Anyway, where was I, or, indeed, am I? Ah, yes, why I think that Thursday’s was a good result. Well, firstly, for long spells, we played as if we were the home team, attacking, dominating possession and playing (unlike the crab-like sideways passing fare that passed for possession under AVB, not to mention the early part of Pocchettino’s reign when, in his defence, he was still trying to work out such conundrums as ‘How the fuck is Paulinho a Brazilian international?’) going forward, with some good first-time passing. Yes, I know that we then cocked it up, as we still have a tendency to do, by failing to score when we should have done and gifting goals to the opposition when under no pressure ( when was the last time we kept a clean sheet?) but it was still encouraging to see, particularly given that Pocchettino had made several changes to the team. We weren’t hammered or outclassed – and let’s not forget that Fiorentina are 4th in Serie A ) – far from it, and that, I hope, should give us confidence for the Chelsea game.

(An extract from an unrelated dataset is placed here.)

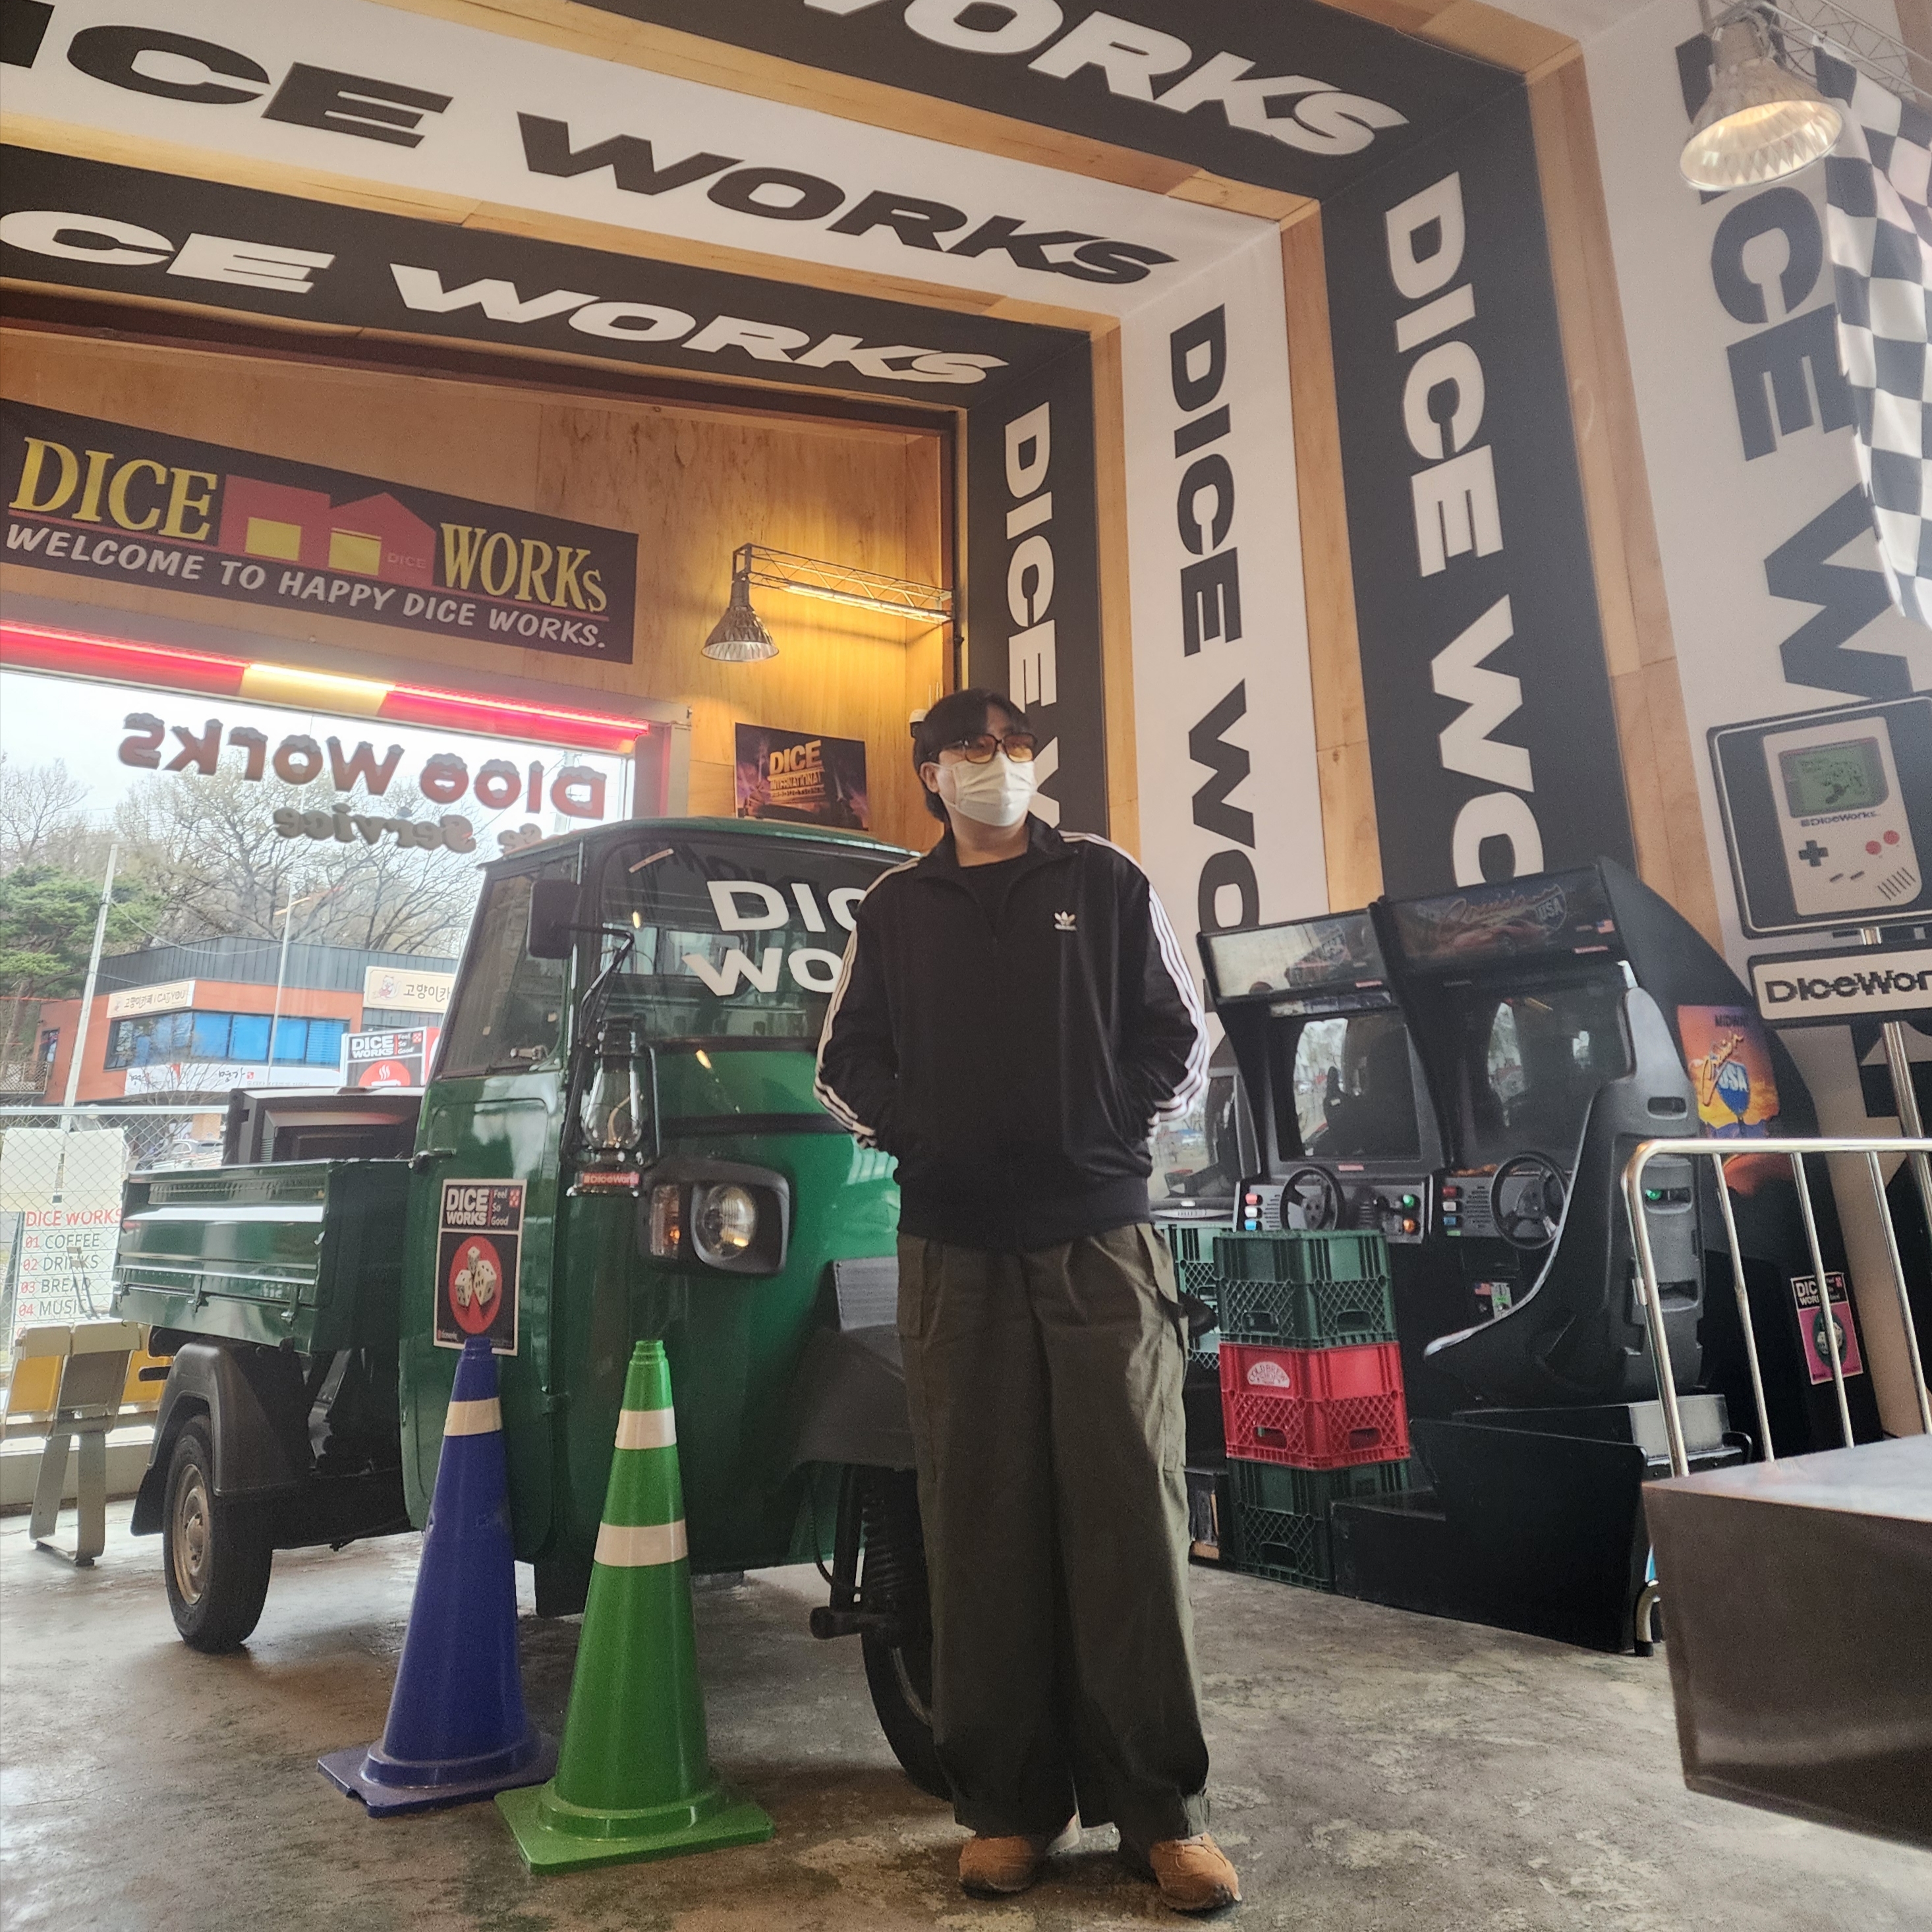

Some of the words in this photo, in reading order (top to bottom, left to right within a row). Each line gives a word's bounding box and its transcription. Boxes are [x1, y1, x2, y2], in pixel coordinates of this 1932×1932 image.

Hopefully, we will return from Italy invigorated not just by the club’s decision to stay on and train for another day in a pleasant part of Italy but also by the thought that we don’t have to worry about those crappy Thursday games again. It should put a spring in our collective step. Regardless of Sunday’s result, hopefully that’ll bode well for the rest of our league performances. It may not be good enough for 4th place and, knowing our luck (remember Chelsea vs Bayern?), even if we did manage that, Everton will probably win the fucking Europa and take our place in the Champion’s League despite finishing halfway down the table.

Will we win on Sunday? Well, it’ll be interesting to see who Pochettino decides to play in goal, for a start. Like most other managers, he’s used this competition thus far to give regular bench players a game. I’d be surprised if he does so this weekend – after all, we’ve had to struggle through at least five games to get to this final. Mourinho, of course, will be doing his damnedest to make sure we don’t. He doesn’t like losing to the same team twice. Well, he doesn’t like losing, end of. He’s probably already alerting referees to how Harry Kane likes to try to injure his centre halves by sitting on the floor and hitting their feet with his back and will no doubt be pacing the touchline berating the fourth official about the fact that the ref didn’t see our captain blatantly handling the coin at the toss-up to choose ends. Personally, I’d settle for another performance that shows we are progressing – hard-pressing, creating chances, not rolling over and playing dead as we did all too often against the likes of Chelsea last year. And if we end up with a bit of silverware, better still. That would mean that we’d have already qualified for next year’s Europa League. Oh shit, I feel sick.